Saturday 03 December 2011
David Cameron will put the urgent need to secure a rescue deal for the euro ahead of demands by Conservative MPs for Britain to grab back powers from Brussels.
His stance will anger hardline Eurosceptics in his own party, who will step up their pressure on the Prime Minister to exploit the opportunity of negotiations on a new European Union treaty to win concessions for Britain. They will also demand a referendum on the treaty if other EU members such as Ireland call one.
Mr Cameron's position is a recognition that he has limited bargaining power because the UK is outside the single currency – and that submitting a long shopping list in the talks would get short shrift from the other 26 EU members.

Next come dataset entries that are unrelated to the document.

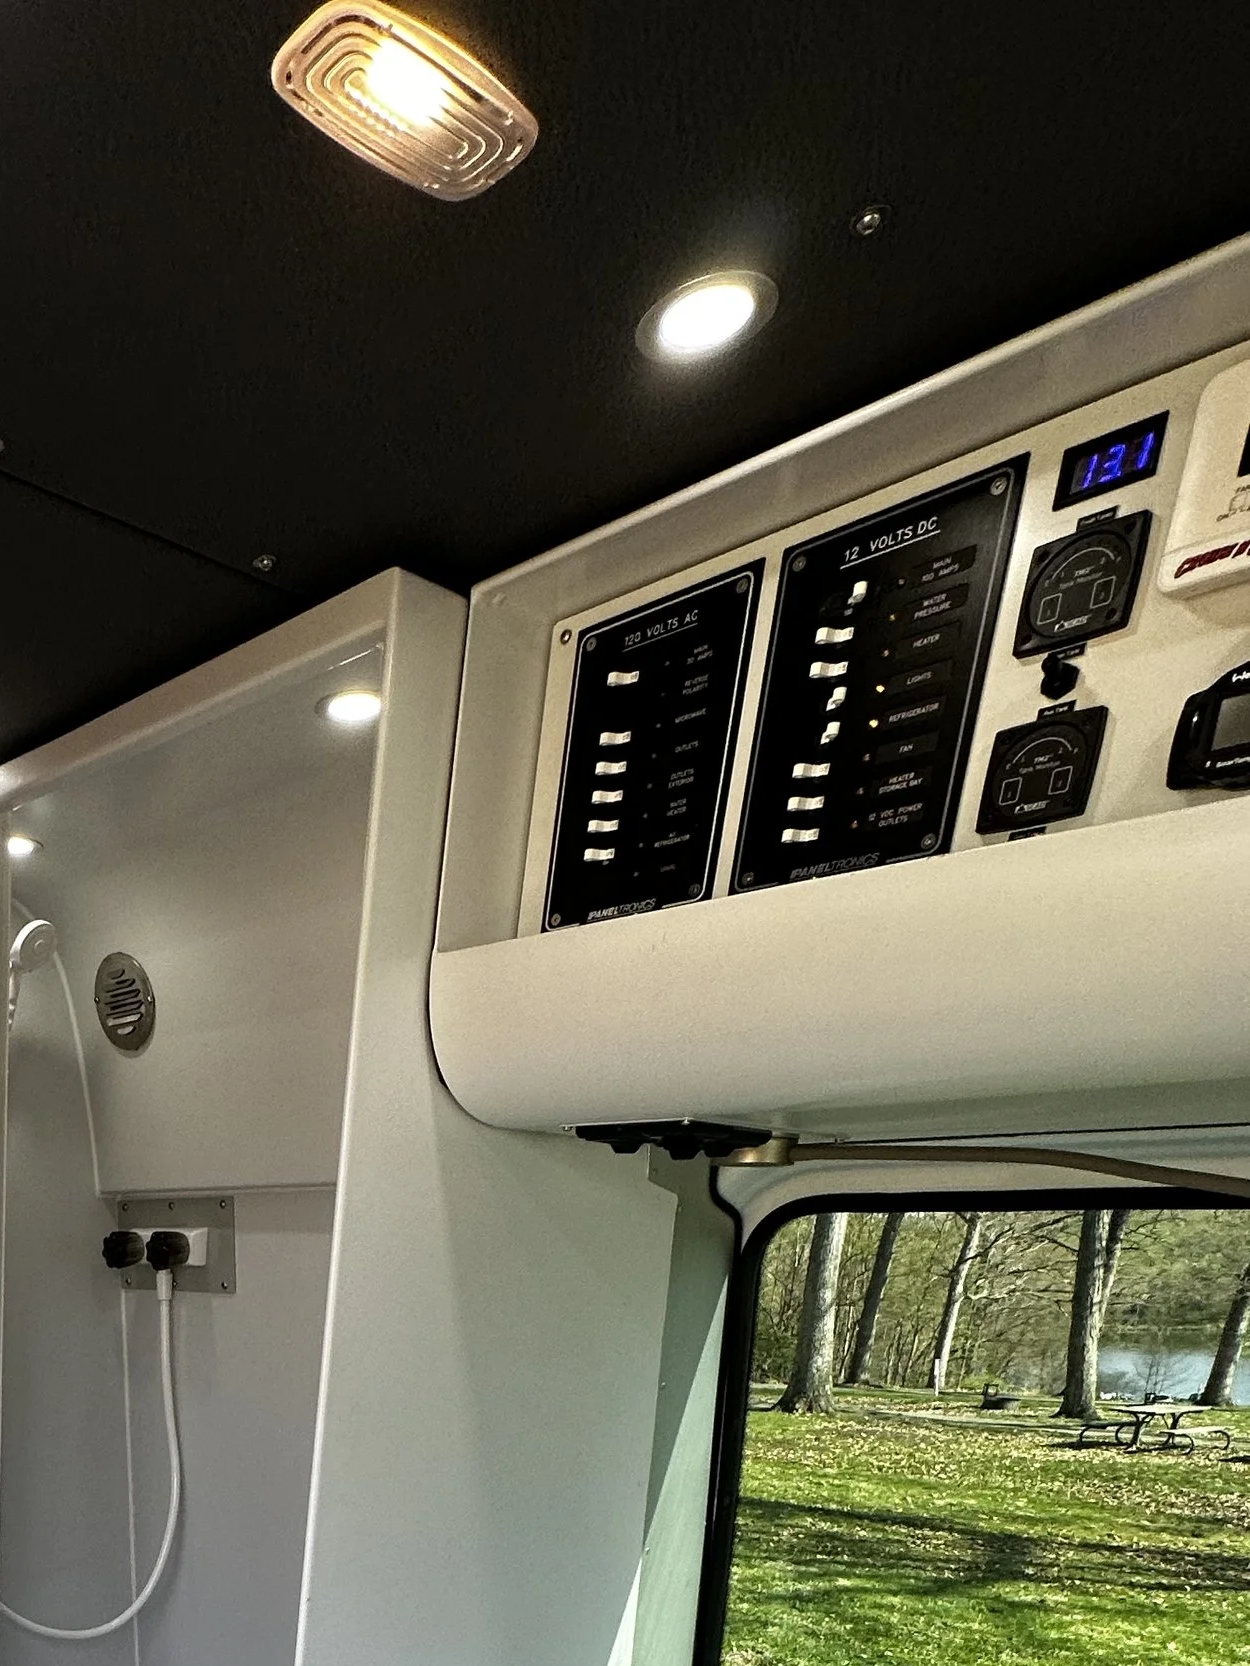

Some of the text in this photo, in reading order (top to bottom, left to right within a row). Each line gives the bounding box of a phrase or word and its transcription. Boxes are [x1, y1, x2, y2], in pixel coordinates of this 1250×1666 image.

[844, 516, 939, 562] 12 VOLTS DC
[932, 556, 952, 569] MAIN
[938, 563, 959, 577] AMPS
[922, 593, 947, 607] WATER
[914, 601, 951, 619] PRESSURE
[624, 609, 699, 646] 120 VOLTS AC
[912, 633, 940, 648] HEATER
[906, 671, 933, 685] LIGHTS
[888, 702, 939, 723] REFRIGERATOR
[675, 740, 699, 753] OUTLETS
[899, 743, 913, 754] FAN
[888, 772, 915, 784] HEATER
[898, 803, 923, 816] POWER
[878, 815, 908, 828] OUTLETS
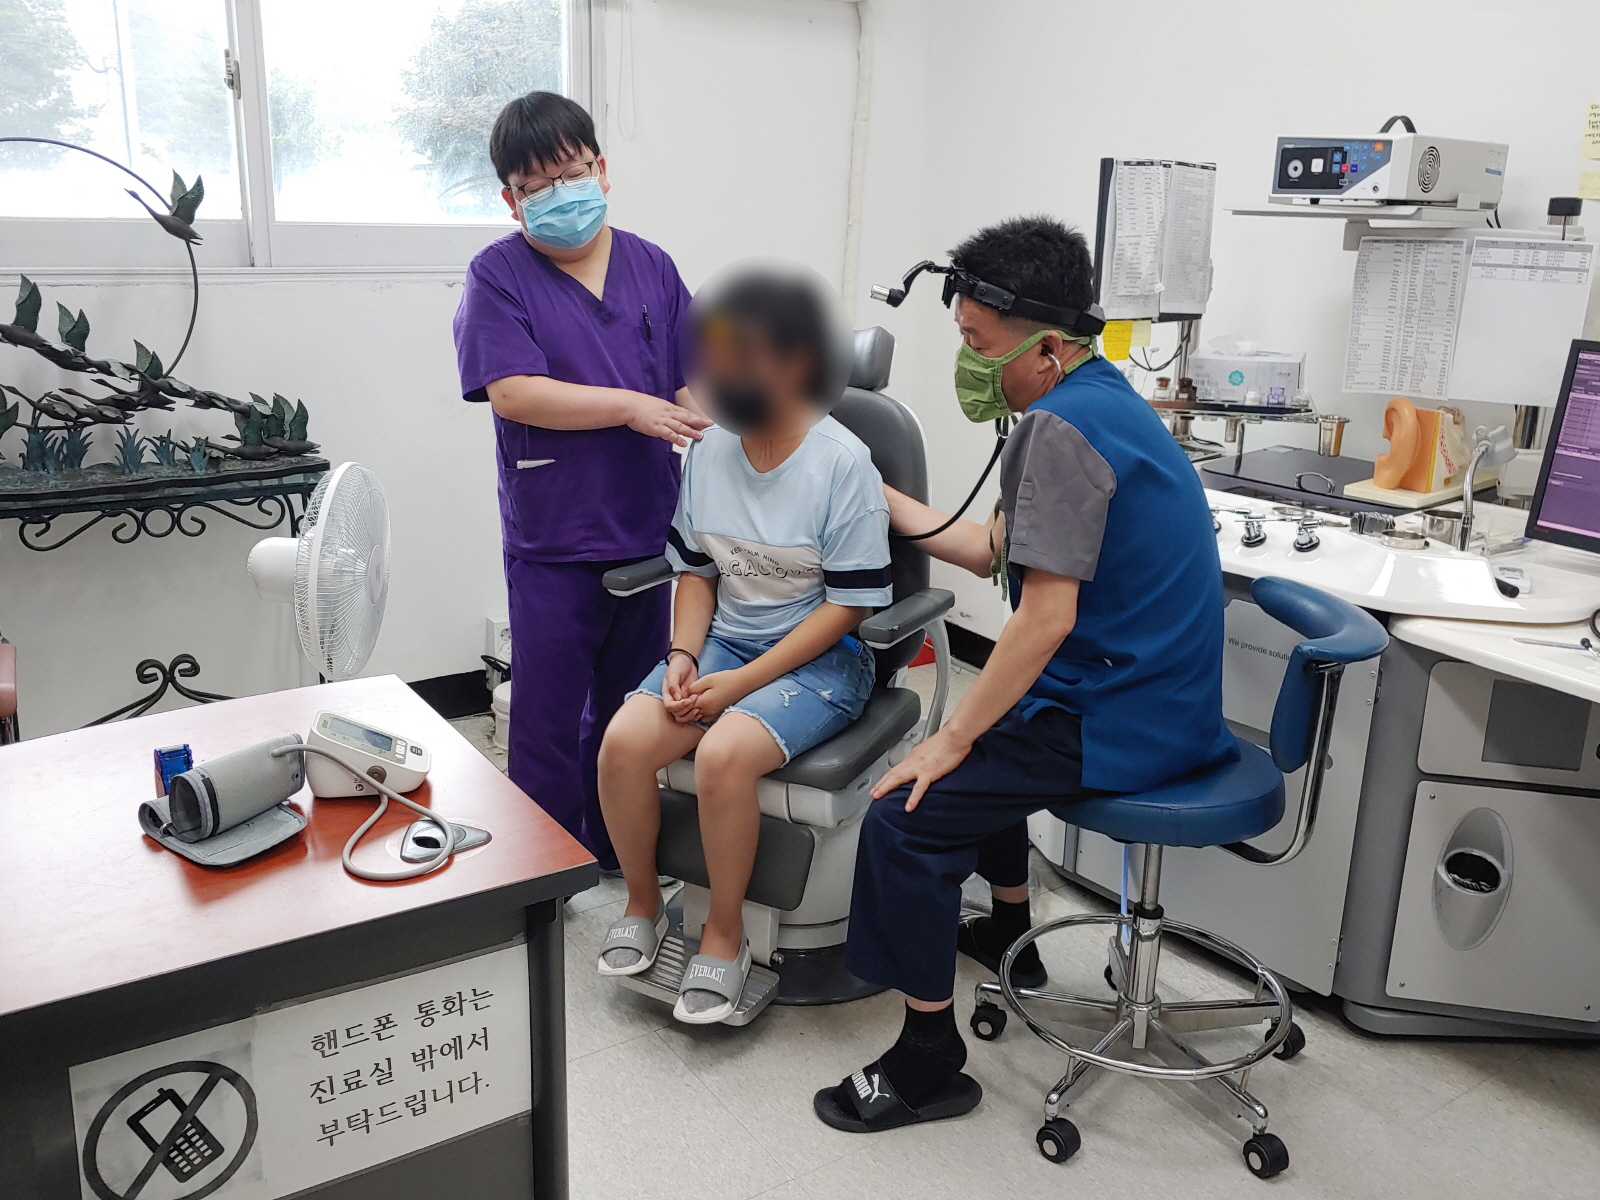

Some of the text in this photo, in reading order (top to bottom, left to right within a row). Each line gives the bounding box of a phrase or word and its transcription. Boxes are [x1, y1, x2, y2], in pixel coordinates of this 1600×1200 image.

[763, 554, 780, 566] MIND
[1228, 637, 1291, 661] We provide solutio
[605, 925, 639, 944] EVERLAST
[688, 963, 726, 984] EVERLAST
[310, 988, 495, 1059] 핸드폰 통화는
[309, 1026, 489, 1105] 진료실 밖에서
[851, 1068, 873, 1100] UMA
[316, 1071, 491, 1147] 부탁드립니다.

British officials said last night it was still unclear precisely what sort of treaty Germany and France have in mind to enforce budgetary discipline for the eurozone countries.

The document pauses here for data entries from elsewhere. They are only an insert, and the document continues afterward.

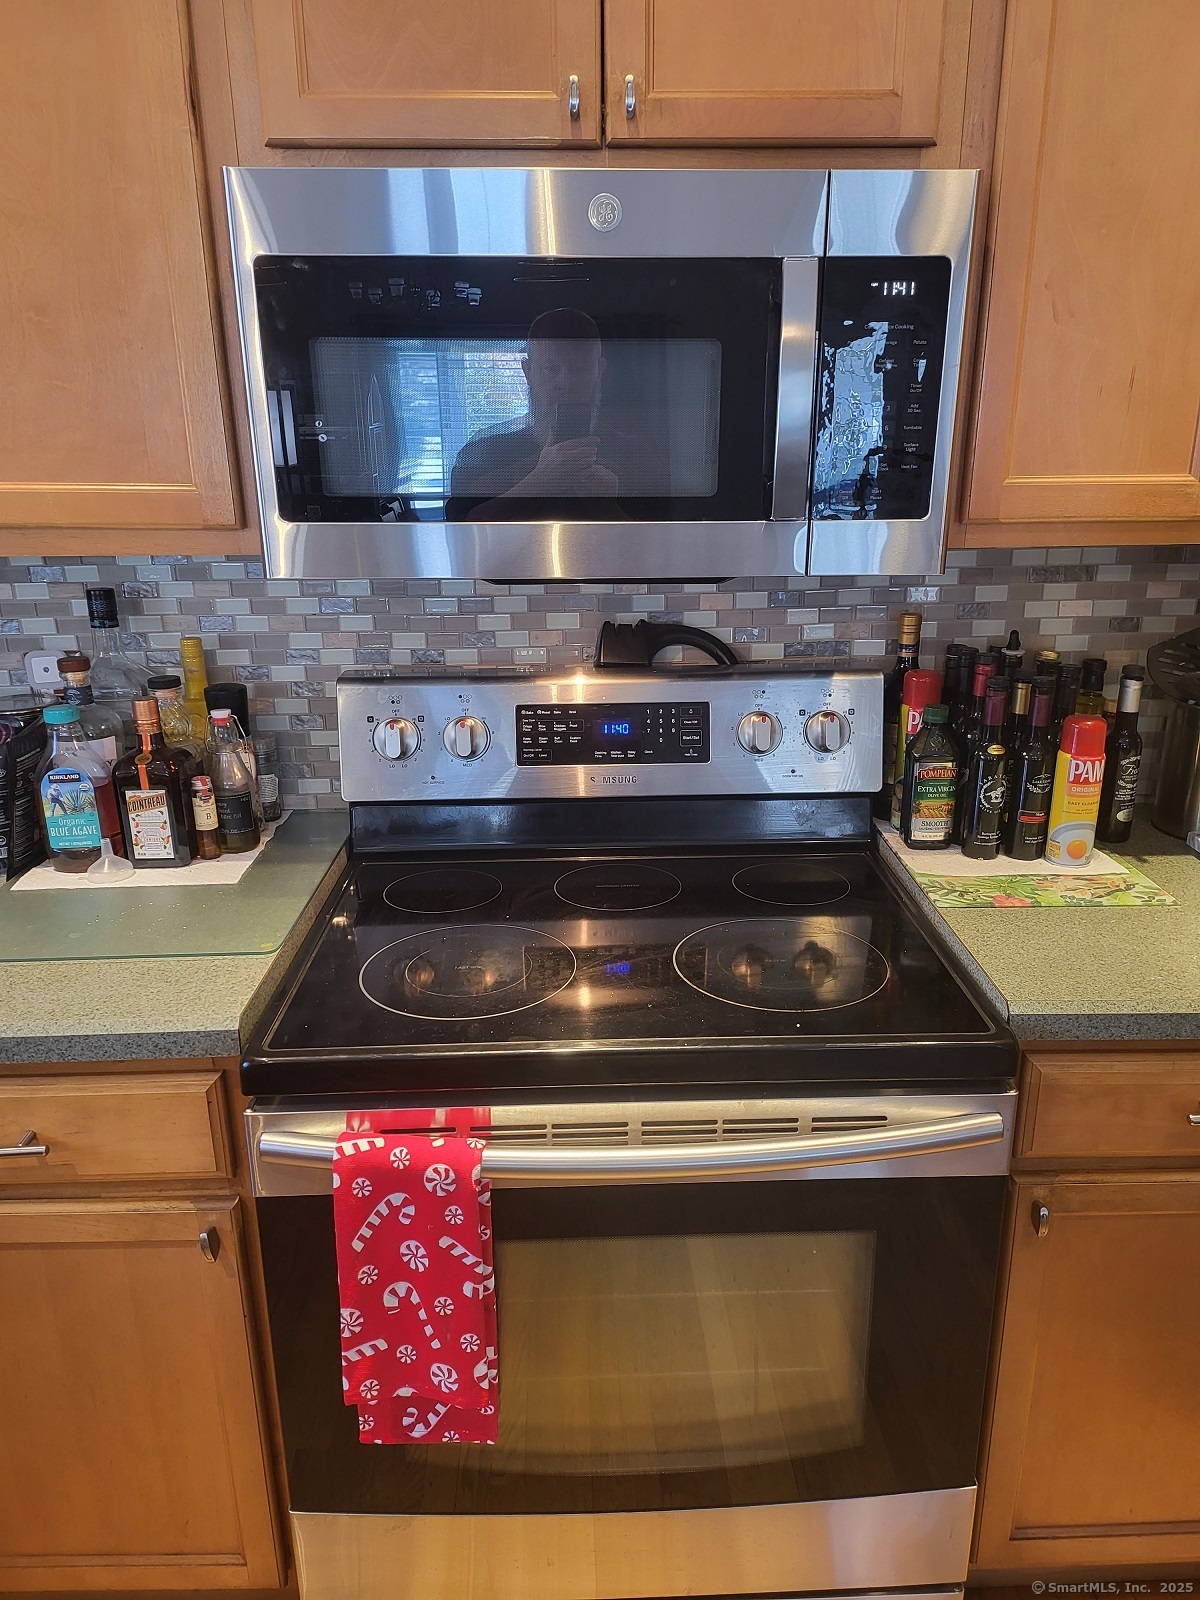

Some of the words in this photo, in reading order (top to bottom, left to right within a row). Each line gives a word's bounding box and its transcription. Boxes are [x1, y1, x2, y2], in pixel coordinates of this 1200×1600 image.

[604, 723, 629, 734] 11:40
[920, 768, 957, 779] POMPEIAN
[590, 776, 638, 784] SMSUNG
[917, 785, 937, 793] EXTRA
[128, 793, 166, 813] COINTREAU
[206, 812, 212, 820] B
[58, 817, 87, 827] Organic
[50, 826, 71, 837] BLUE
[72, 825, 98, 836] AGAVE

An EU leaders' summit in Brussels next week will discuss whether the reforms should require approval by all 27 EU members including Britain or merely the 17 using the euro.
It is believed that Mr Cameron would prefer a limited change among the 17, which would reduce the pressure on him to call a referendum and make "gains" in the negotiations.
Allies insist he is not shying away from such a battle, but that he believes the top priority for Britain is to see the eurozone turmoil finally brought to an end.
A smooth and quick agreement among the 17 would have a much better chance of restoring confidence in the financial markets, he argues, than a long negotiation among 27 members on a new EU blueprint.
After talks in Paris yesterday with Nicolas Sarkozy, the French President, Mr Cameron made clear that reforms to the eurozone could be achieved without a full-scale treaty change.
He said: "When you look at the crisis in the eurozone, the real need there is for the institutions of the eurozone to get behind the currency to convince the markets that they have the firepower to do that. The second fundamental thing is real competitiveness throughout the eurozone so the eurozone works properly.
"Neither of those things actually requires treaty change but I am very clear if there is treaty change, then I will make sure that we further protect and enhance Britain's interests."
The Prime Minister insisted that Britain still had influence in the EU's debate. "We are one of Europe's major economies, we are a big player in the single market, we want growth on the European continent to help the British economy, we want to drive change in the single market to help drive that and yes, we want to help resolve the crisis in the eurozone," he said.